Все получилось. Они свиделись и провели десять суток вместе под впервые обретенной своей крышей над головой. Оба были счастливы. Уплывая от него на пароходе после этих десяти суток, она набрасывает поспешные сумасшедшие строки:

«...Слышу скрип твоей кровати, пение ребят под окнами, звук твоего голоса, твои шаги… Вижу твой последний взгляд… Вчера долго стояли, грузили дрова. Смотрела на енисейский закат, потом на луну. Старалась быть сильной, мужественной. У меня еще ничего не укладывается в голове, я знаю только, что мы все равно вместе…»

И — уже близко от Москвы:

«Через несколько часов Москва. Все позади. Не забывай, не оставляй меня. Давай помогать друг другу — жить так трудно. Целую твои руки, обнимаю тебя, ненаглядный мой».

Она не оставляет усилий по облегчению его участи.

«Вчера разговаривала о тебе со своим знакомым. Он считает твое пребывание в Енисейске нецелесообразным и спросил меня, в каком промышленном центре ты хотел бы находиться. Речь шла о Магнитогорске, Новокузнецке и Свердловске. Получив это письмо, дай мне телеграмму с указанием выбранного тобой города».

Знакомый — все тот же Горшков. При его активном содействии местом пребывания Эрдману был назначен город Томск. А потом до Степановой дошел слух, что туда собирается жена Эрдмана Дина.Этого удара актриса уже не выдержала. Вот когда она показала характер. Взяв себя в руки, она резко оборвала переписку. Напрасно Эрдман задавал ей беспокойные и грустные вопросы — ответом было полное молчание. В августе 1937 года Степанова познакомилась с писателем Александром Фадеевым. Он стал ее гражданским, а затем и официальным мужем. В этом браке у Степановой родился сын Миша. Ее годовалого сына Сашу, отцом которого был красавец Горшков, Фадеев усыновил. Дина умерла от брюшного тифа в 1942 году. Фадеев застрелился в 1956 году. Степанова и Эрдман встретились через 22 года.

«…он взял мои руки и долго вглядывался в мое лицо. Я тоже смотрела на измененные временем знакомые, милые черты. Мы оба были взволнованы…» (из дневника Ангелины Степановой).

Больше они не виделись. Народная артистка СССР, выдающийся театральный мастер Ангелина Осиповна Степанова пережила Николая Робертовича Эрдмана на тридцать лет.

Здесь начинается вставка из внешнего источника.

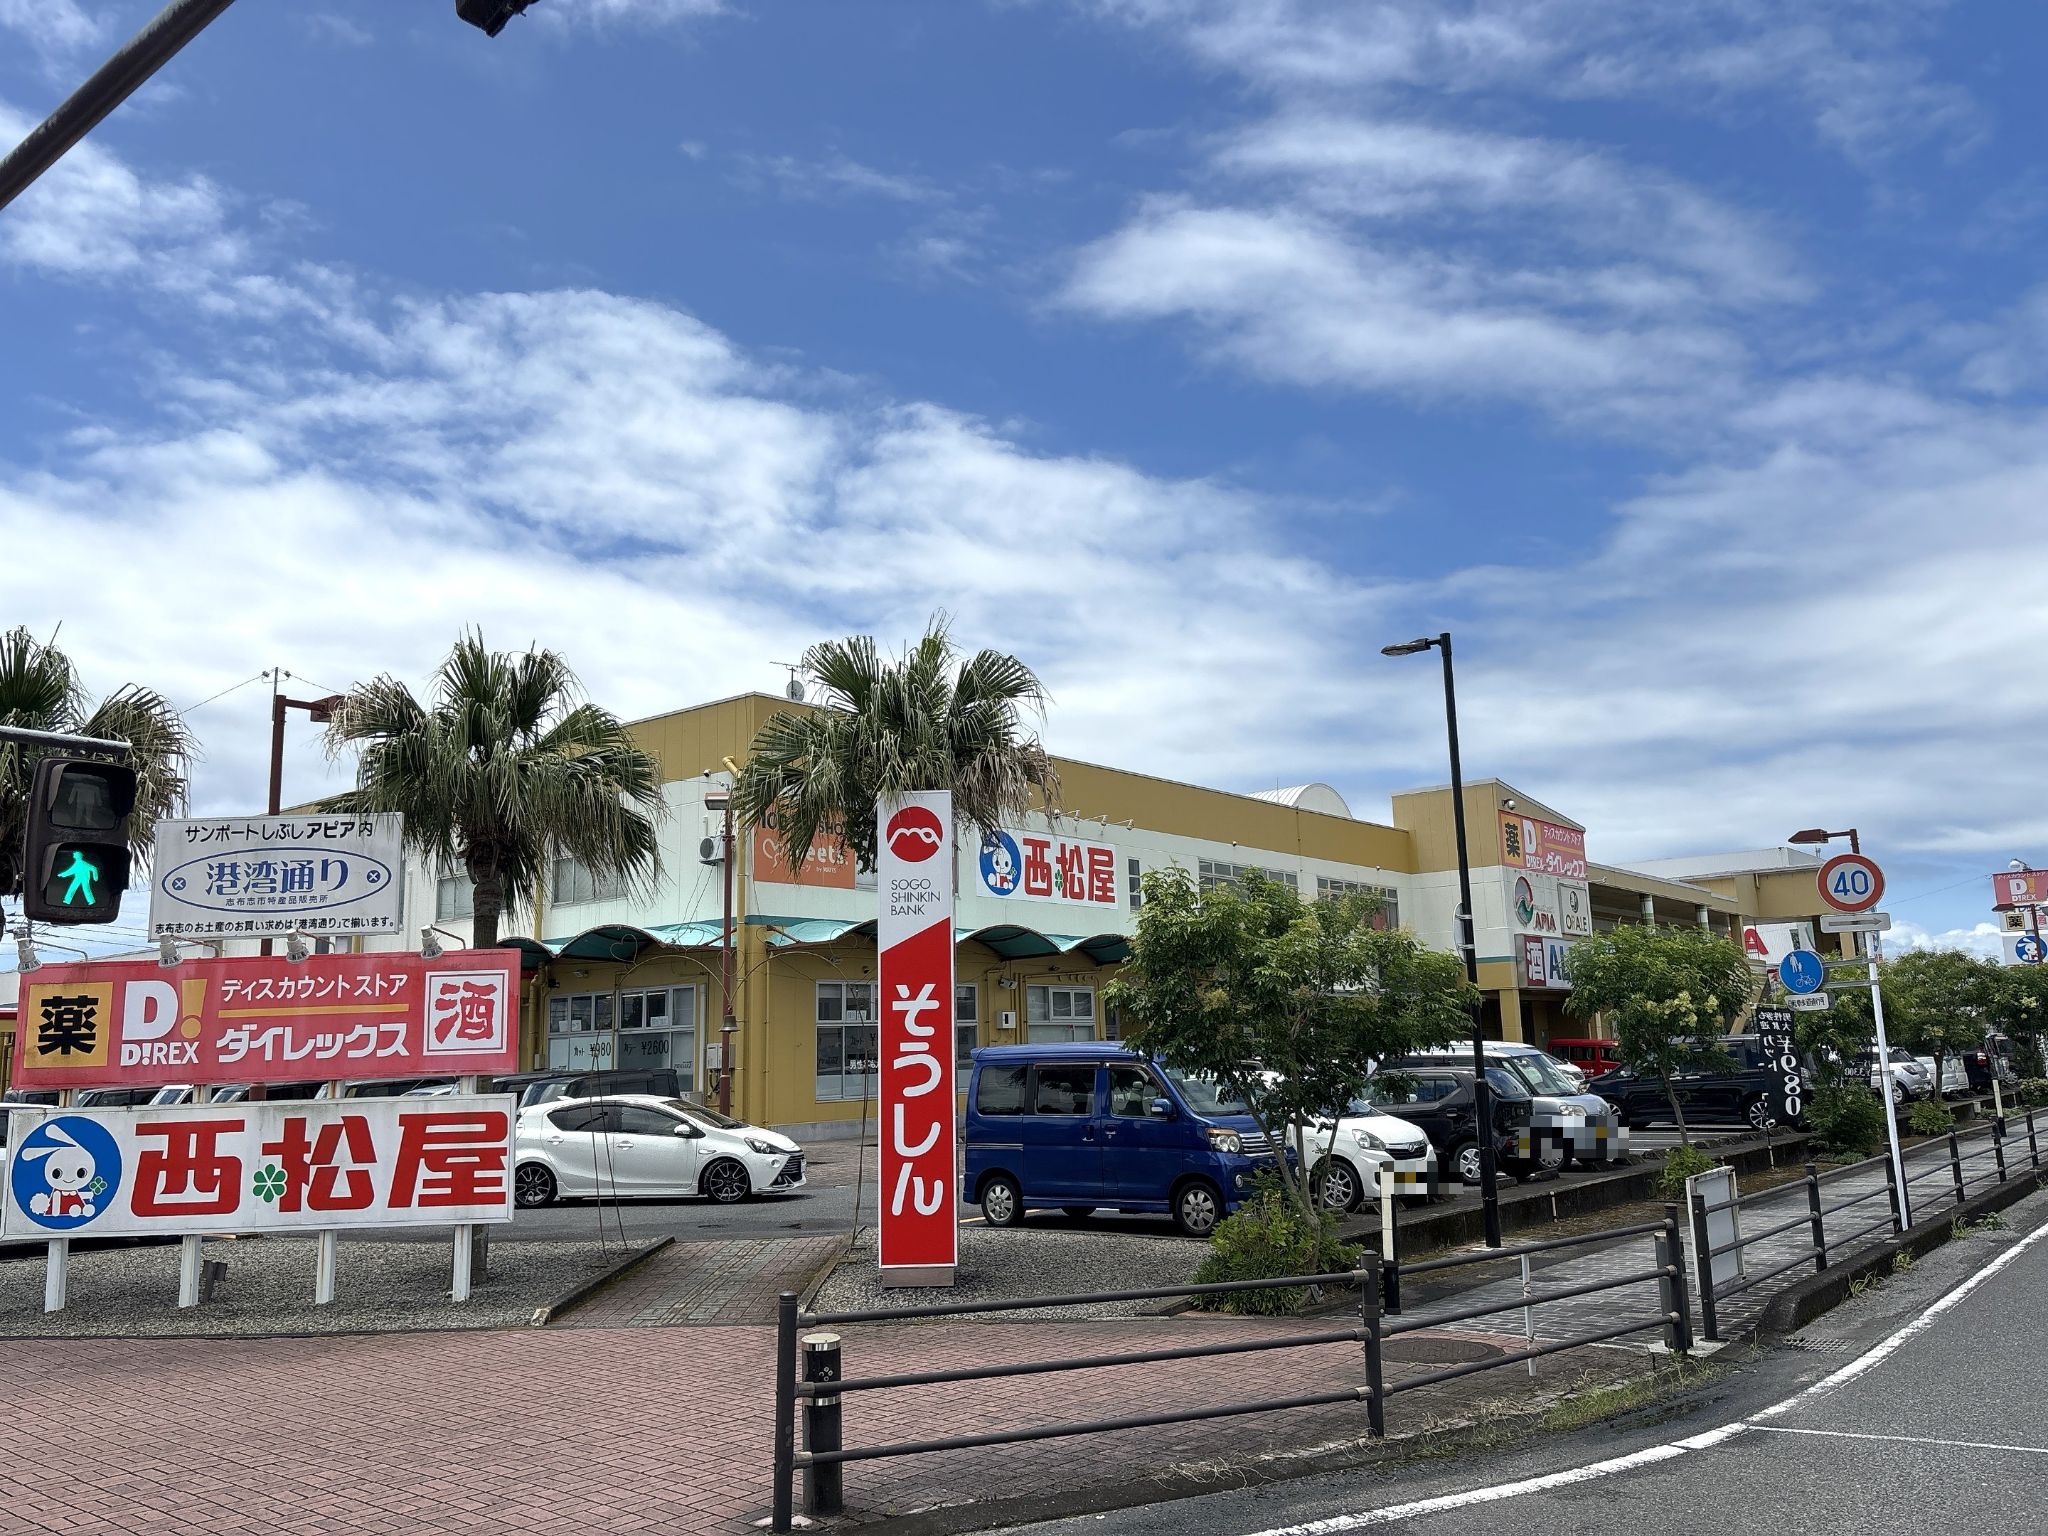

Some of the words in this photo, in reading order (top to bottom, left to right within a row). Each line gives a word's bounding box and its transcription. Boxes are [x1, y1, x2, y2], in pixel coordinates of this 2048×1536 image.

[185, 821, 374, 843] サンポートしぶしアピア内
[1504, 822, 1520, 858] 薬
[205, 858, 349, 896] 港湾通り
[1023, 837, 1116, 903] 西松屋
[1545, 851, 1586, 878] ダイレックス
[225, 895, 329, 907] 志布志市特産品販売所
[890, 878, 931, 890] SOGO
[890, 891, 942, 903] SHINKIN
[1833, 870, 1869, 896] 40
[890, 904, 926, 916] BANK
[1533, 912, 1557, 933] APIA
[1526, 941, 1545, 981] 酒
[1549, 944, 1571, 981] AL
[37, 995, 99, 1056] 薬
[434, 981, 498, 1045] 酒
[216, 1023, 410, 1063] ダイレックス
[641, 1039, 670, 1055] ¥2600
[891, 983, 944, 1216] そうしん
[130, 1110, 508, 1218] 西松屋
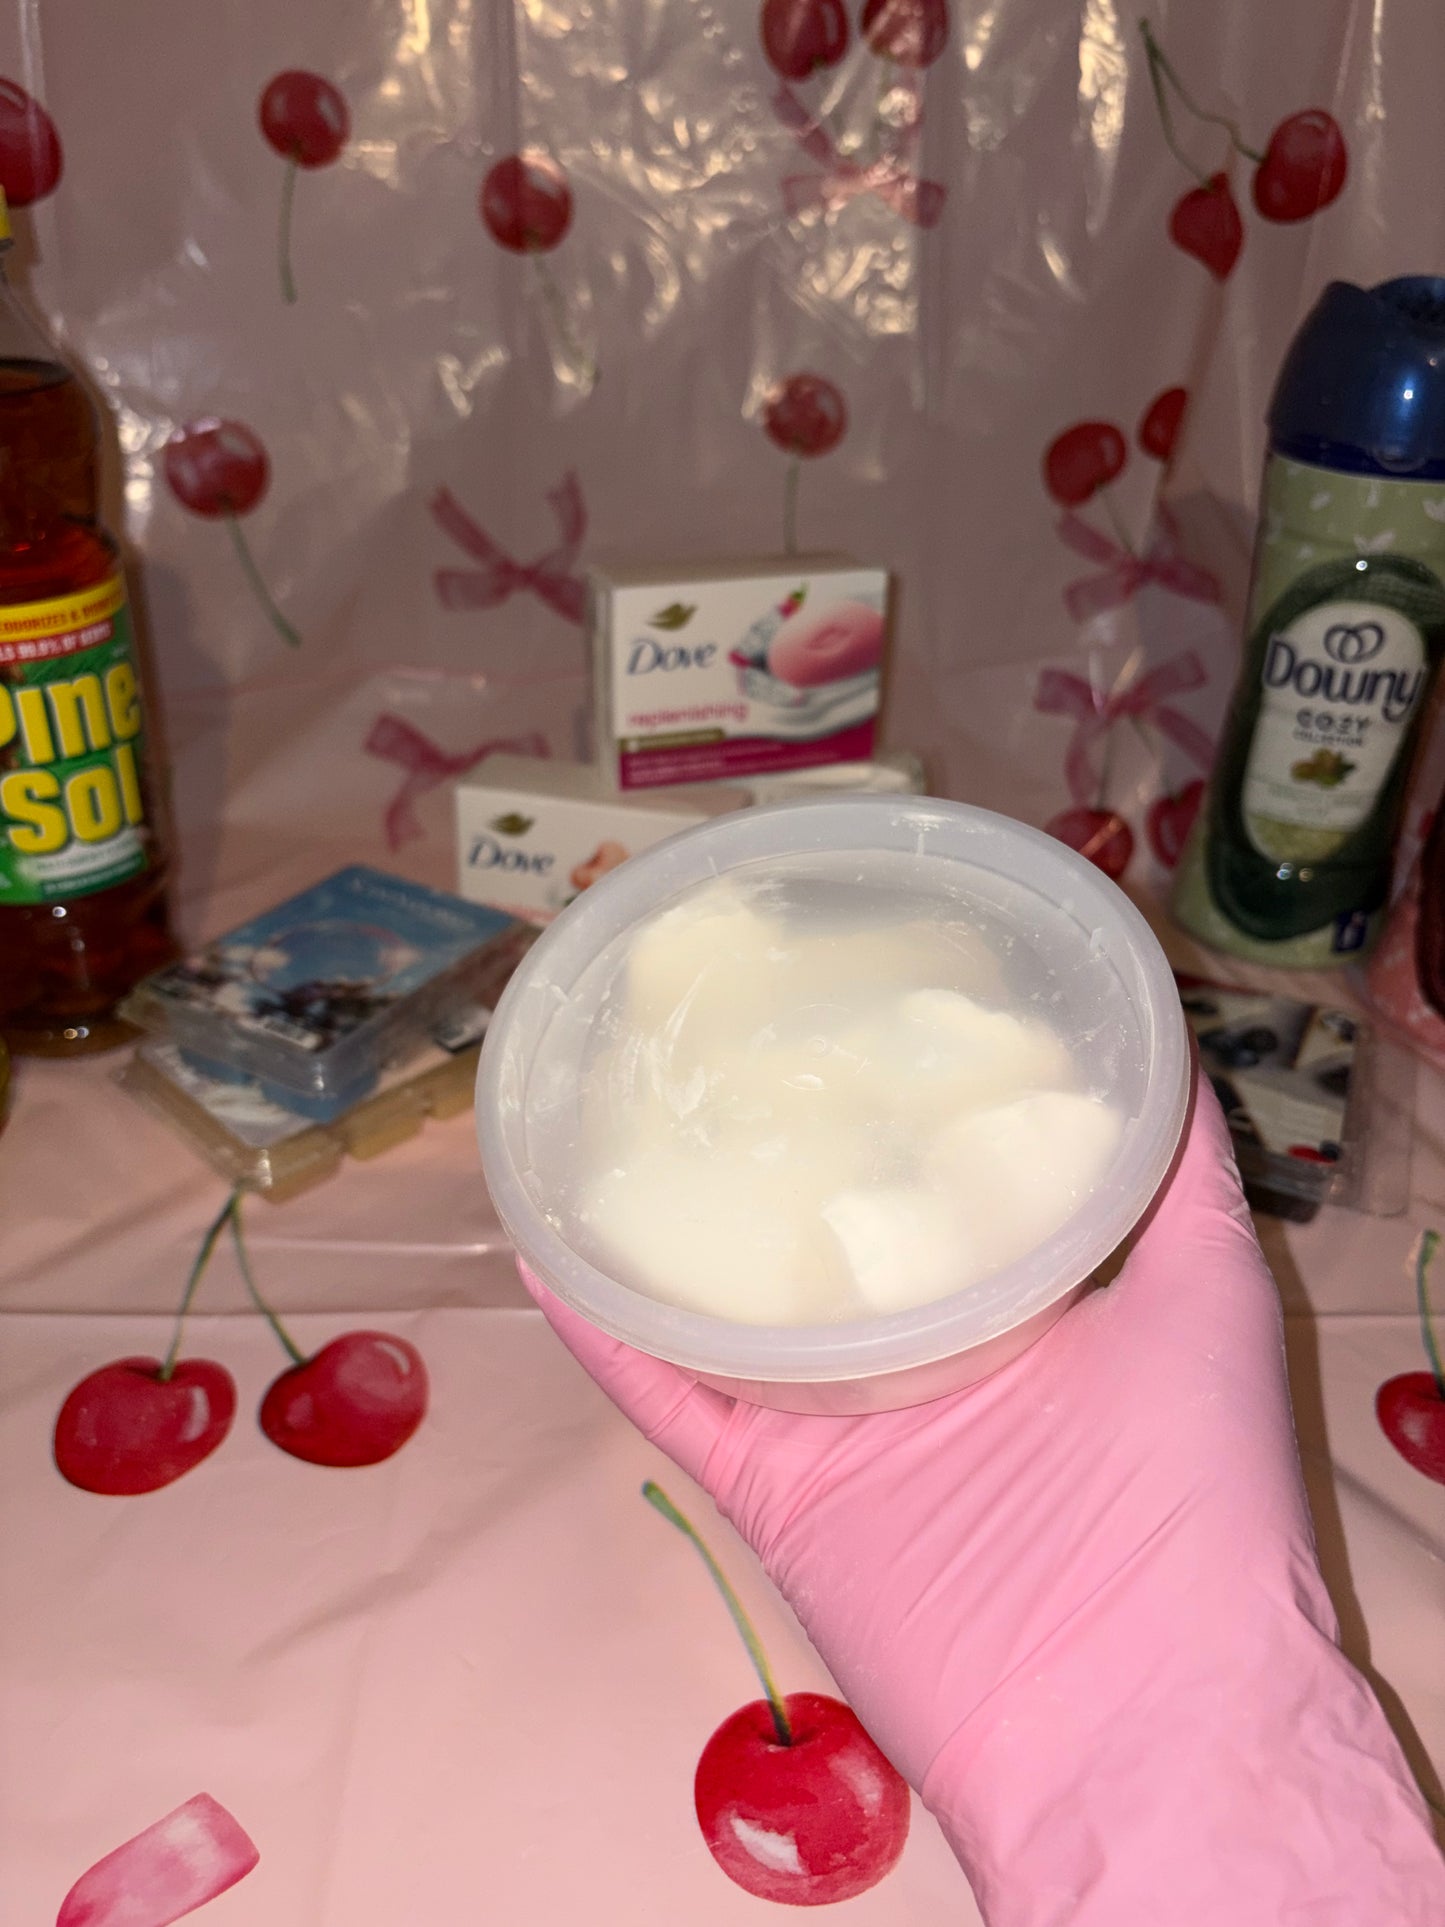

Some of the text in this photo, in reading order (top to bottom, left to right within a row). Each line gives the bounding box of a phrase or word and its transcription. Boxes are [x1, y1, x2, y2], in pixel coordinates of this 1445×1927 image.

[626, 637, 717, 676] Dove
[1262, 637, 1424, 723] Downy
[627, 701, 748, 732] replenishing
[1295, 707, 1372, 736] COZY
[468, 836, 555, 874] Dove
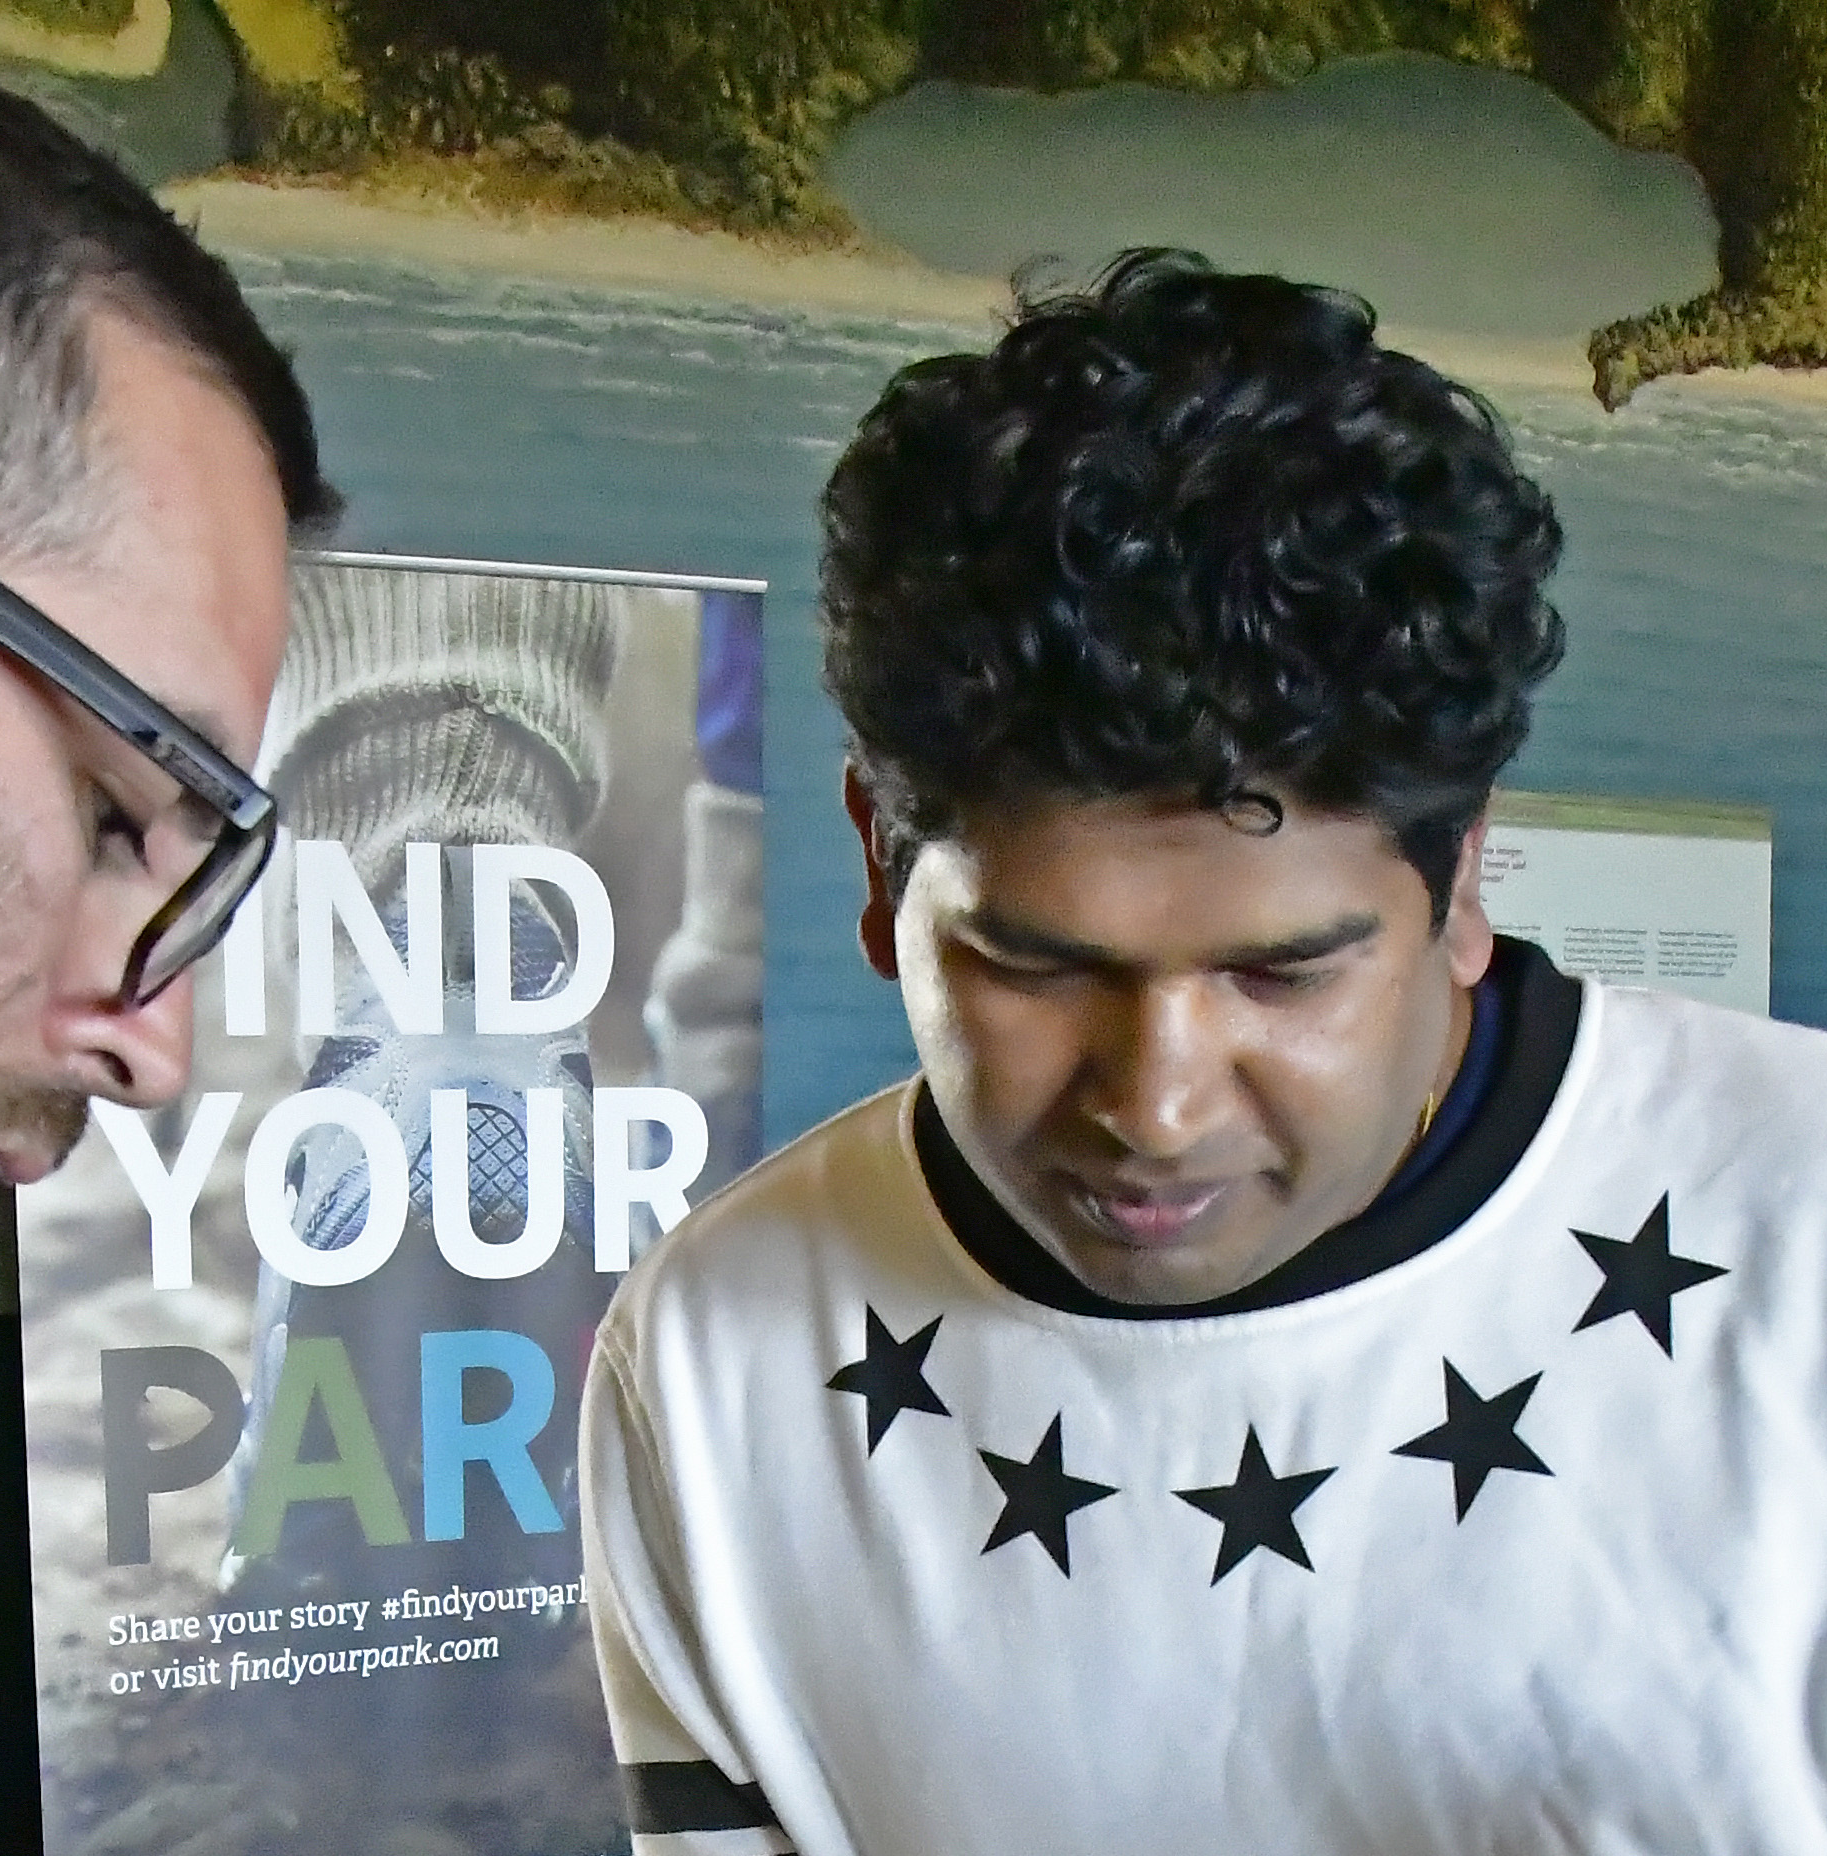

«На всю жизнь у меня осталась боль за творческую судьбу Николая Робертовича. Судьбу, так блистательно начавшуюся. Осталась боль за его исковерканную жизнь, за невозможность проявить себя правдиво в искусстве. Он живет у меня в памяти молодым, с неосуществленными творческими замыслами, с несбывшимися надеждами, лишенный того большого места в литературе, какое должен был занять молодой многообещающий талант. Когда я думаю о Коле, мне хочется горько плакать. Отчего сейчас, в свои годы, душа моя скорбит и не хочет слышать разума?..» (из дневника Ангелины Степановой).